One quick fix we used was to simply create a separate database, and after the initial implementation (just being careful to use .using(db)
and .save(using=db)
, it worked for awhile - validation loads went into the validation database and errors were returned that users could act on, but we found that adding new code unpredictably lead to some confusing problems and errors from the validation load. Honestly, we don’t fully understand what is going on. Various methods called from the load scripts that make independent queries turned out to still be going to the default database, which we didn’t realize would happen (this is our first Django project and we’re learning as we go).
Everything not involving the validation interface (including the load scripts) work as designed and pass all tests. It’s just that we’re having a hard time getting control over what database is used when attempting to get the validation view to only use the validation database. For example, a problem I worked around yesterday was a call in a new load script that was calling get_or_create
(that goes through using("validation")
). I added debug prints in the django base code that showed 4 or 5 queries were going to validation
, but 2 subsequent queries were going to default
and the error we were getting was about the primary key (an AutoField) didn’t meet the unique constraint - and I knew that that table in the validation database was empty. I worked around the problem by doing separate get
and create
calls - and that worked. No more unique constraint violations.
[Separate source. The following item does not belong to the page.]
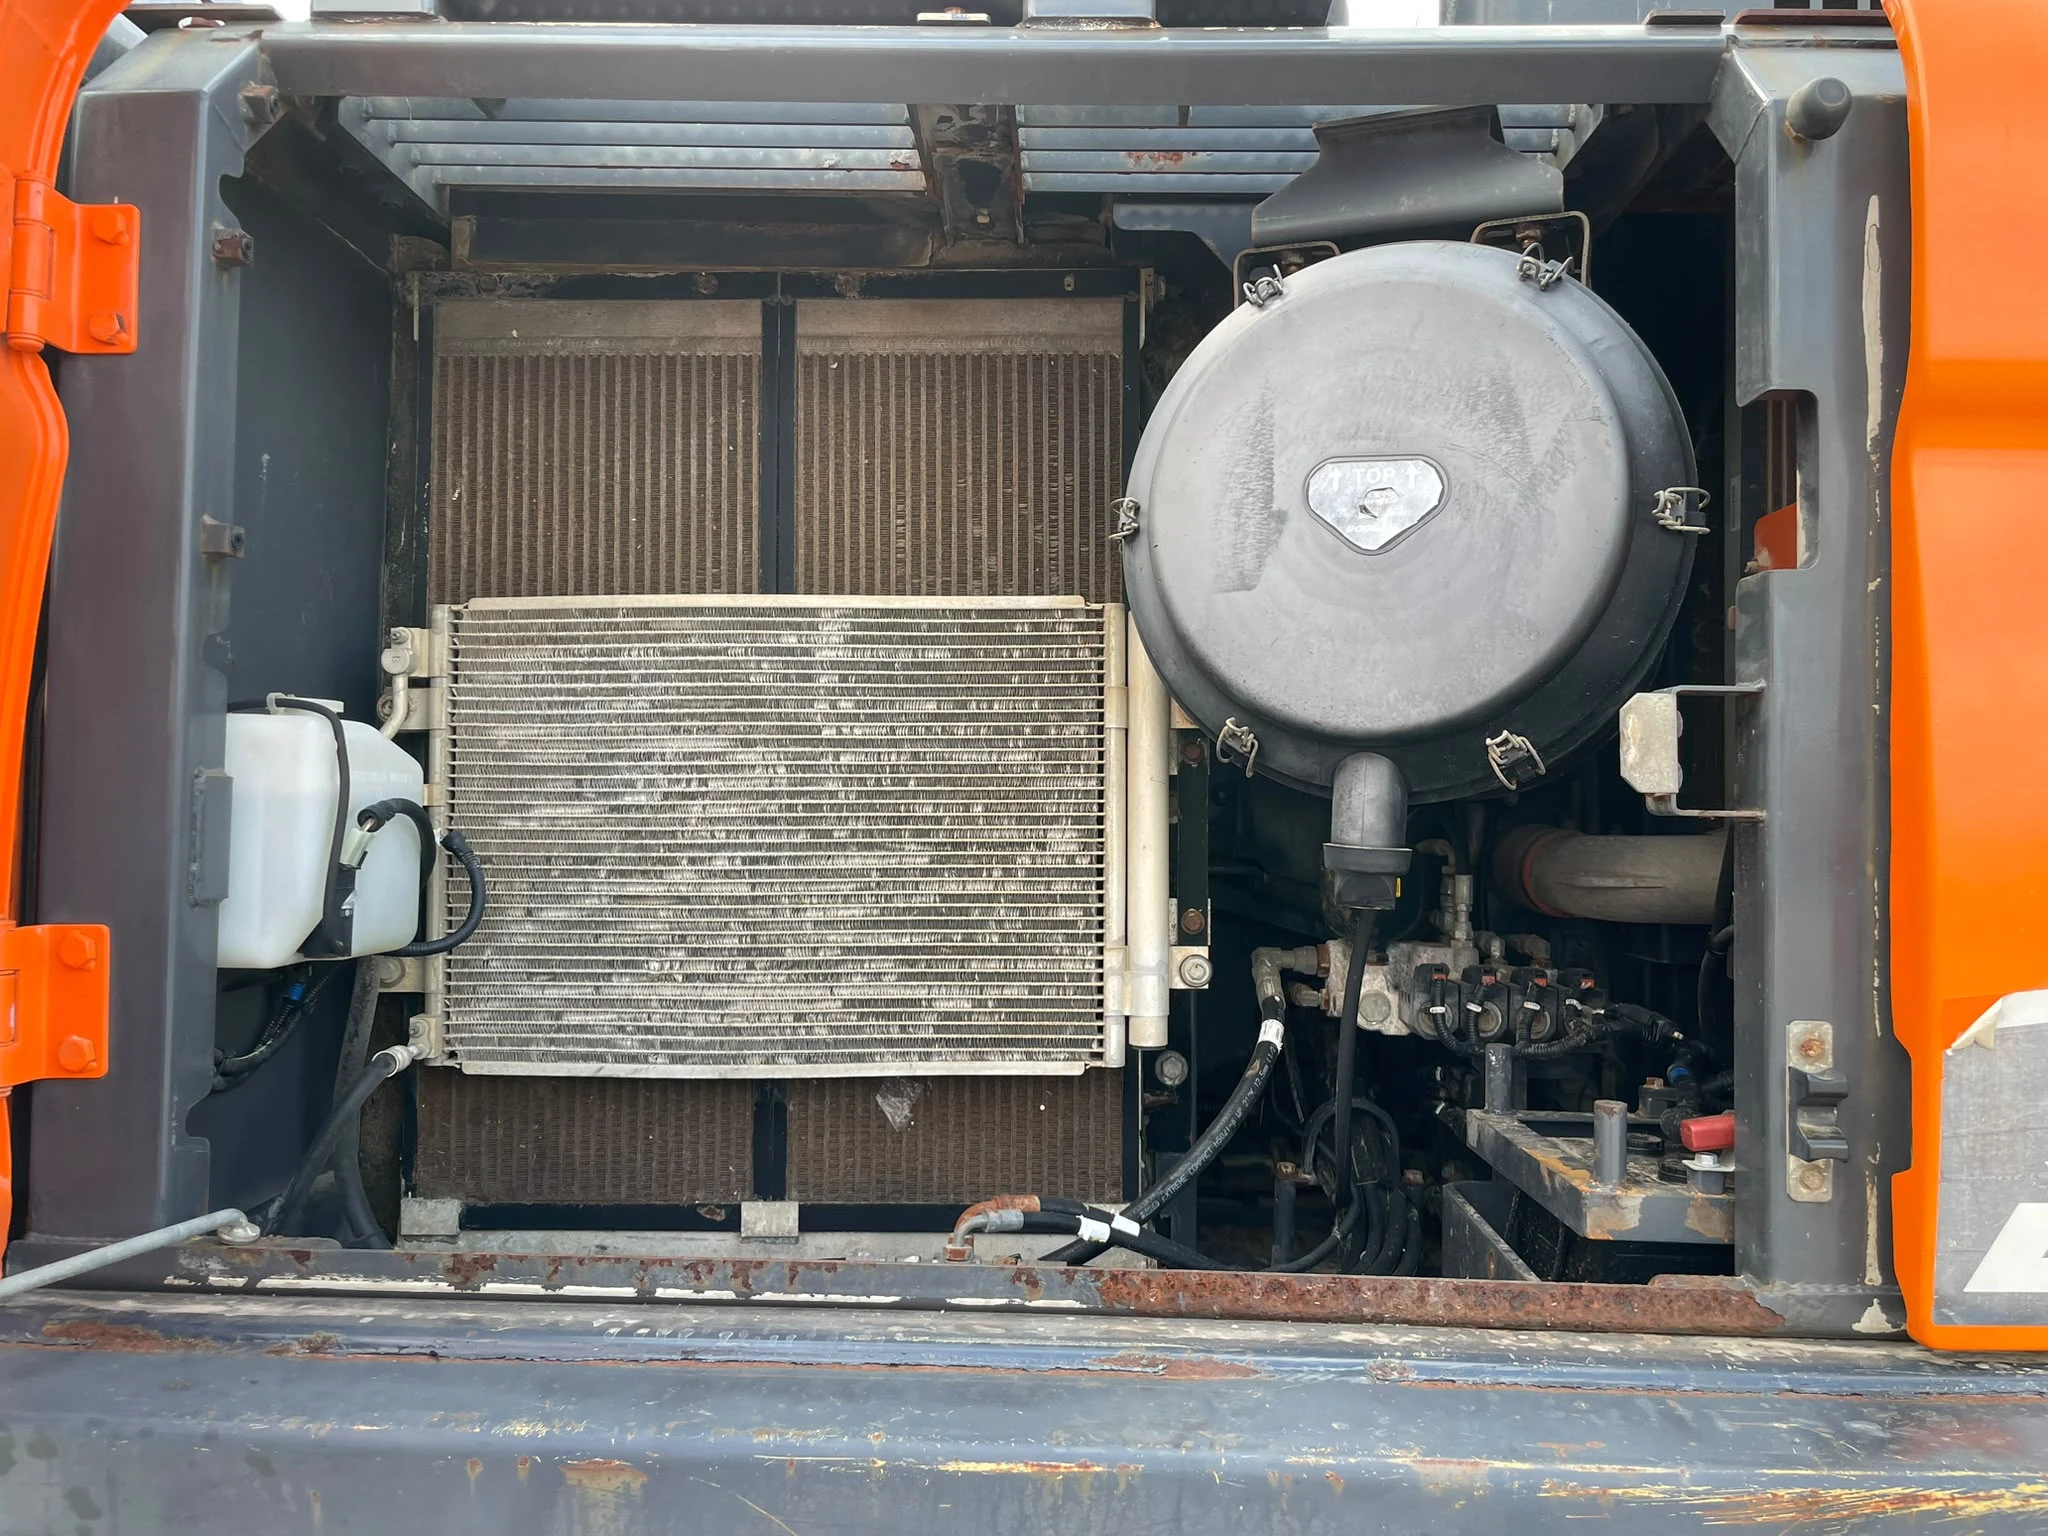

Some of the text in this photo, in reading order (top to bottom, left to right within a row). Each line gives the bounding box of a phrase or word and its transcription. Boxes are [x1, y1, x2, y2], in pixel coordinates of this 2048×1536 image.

[1352, 466, 1395, 484] TOP
[1161, 1173, 1188, 1202] EXTREME
[1188, 1146, 1213, 1175] COMPACT
So while trying to figure all this out, I learned of “database routers” and figured I could create a router and switch its default database whenever we run the validation loads, but as I read the docs this morning, it seems that this use-case isn’t really what its designed for. It seems like it’s designed for individual models always defaulting to a statically set database?
I started to wonder how I could implement the desired outcome of having all queries from 1 script go to the validation database and wondered if any such attempt could actually work without affecting queries of other users who are browsing the site while 1 user runs the validation code…
Is this even possible? Should I start an overhaul to try and make atomic transactions in the load scripts possible so that we don’t need a second database?